Published March 14, 2013
LONDON – JPMorgan Chase kept its top spot for investment banking revenues last year while Citigroup and Barclays made the biggest improvement compared with 2011, a study showed on Thursday.
Industry analytics firm Coalition said JPMorgan's investment banking revenues of $24.1 billion put it ahead of second-placed Goldman Sachs and a trio of banks shared third place - Bank of America Merrill Lynch , Citi and Deutsche Bank
Coalition last month estimated 2012 revenues for the investment banks in its study at $159 billion, up 10 percent from the year before, led by a 21 percent jump in the core area of fixed income, currencies and commodities (FICC).

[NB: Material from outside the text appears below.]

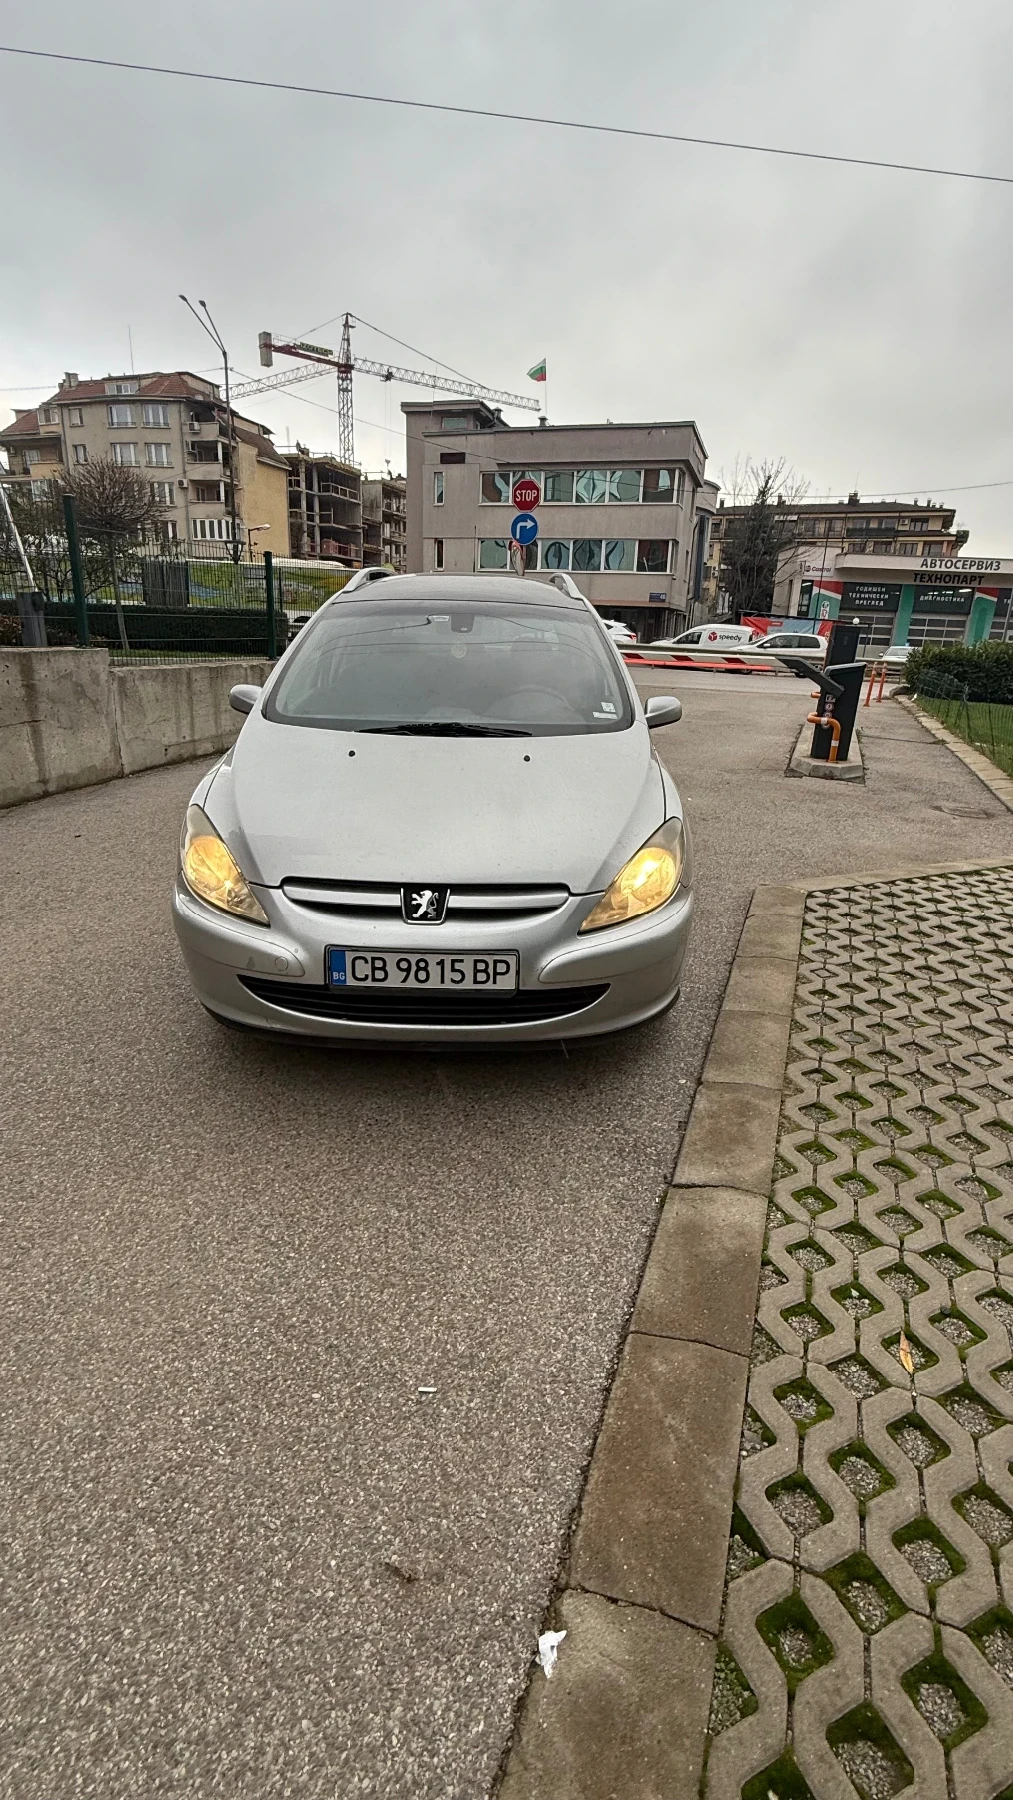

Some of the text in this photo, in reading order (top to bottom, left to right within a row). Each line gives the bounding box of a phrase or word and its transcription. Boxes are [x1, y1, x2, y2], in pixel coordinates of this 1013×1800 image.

Investment banks have put more emphasis on league tables in recent years. Tougher regulation and slower markets have left banks jostling for market share and firms such as UBS and RBS exiting or shrinking unprofitable areas.
Coalition said JPMorgan was the top bank in FICC with revenues of $14.4 billion, followed by Citi and Deutsche Bank.

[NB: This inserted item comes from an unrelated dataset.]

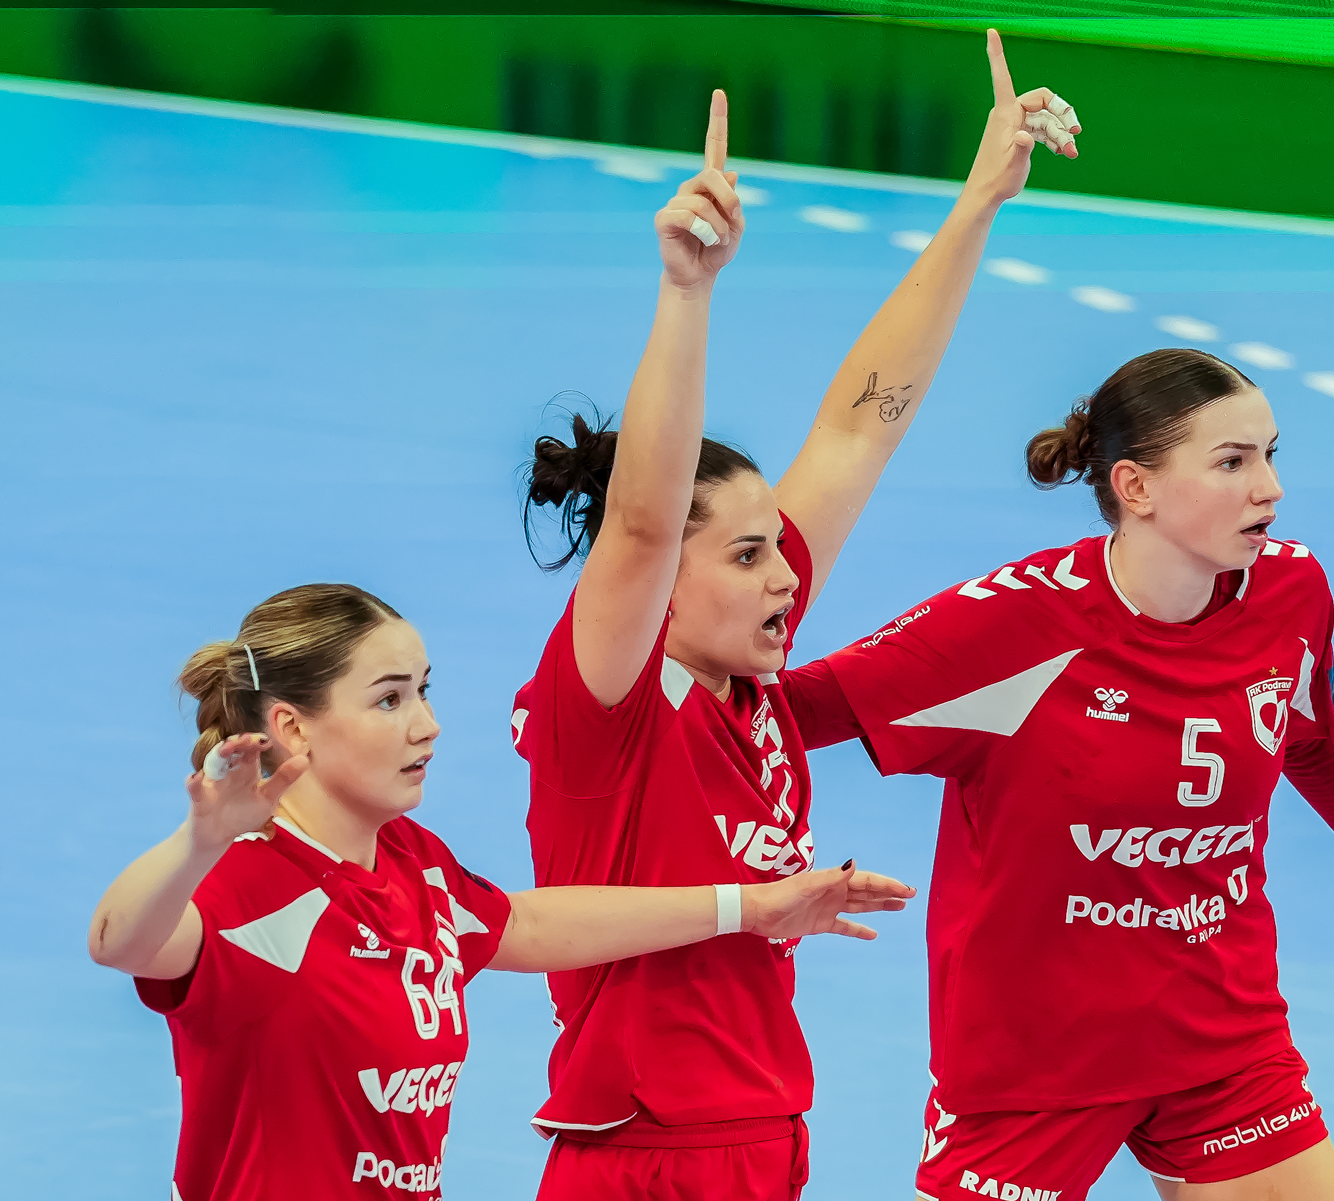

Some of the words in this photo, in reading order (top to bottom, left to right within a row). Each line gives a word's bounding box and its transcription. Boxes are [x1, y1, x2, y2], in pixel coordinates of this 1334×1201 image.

Goldman topped equities rankings with $5.6 billion of revenue. JPMorgan and Morgan Stanley tied for second place.
Advisory and origination was led by JPMorgan, with revenues of $5.2 billion, followed by BAML and Goldman, according to Coalition's estimates.
Coalition says its study is based on public information from banks' results and benchmarked to a common standard to produce a top 10 league table.
(This story was refiled to clarify that JPMorgan and Morgan Stanley jointly ranked second in equities)
(Reporting by Steve Slater; Editing by Dale Hudson)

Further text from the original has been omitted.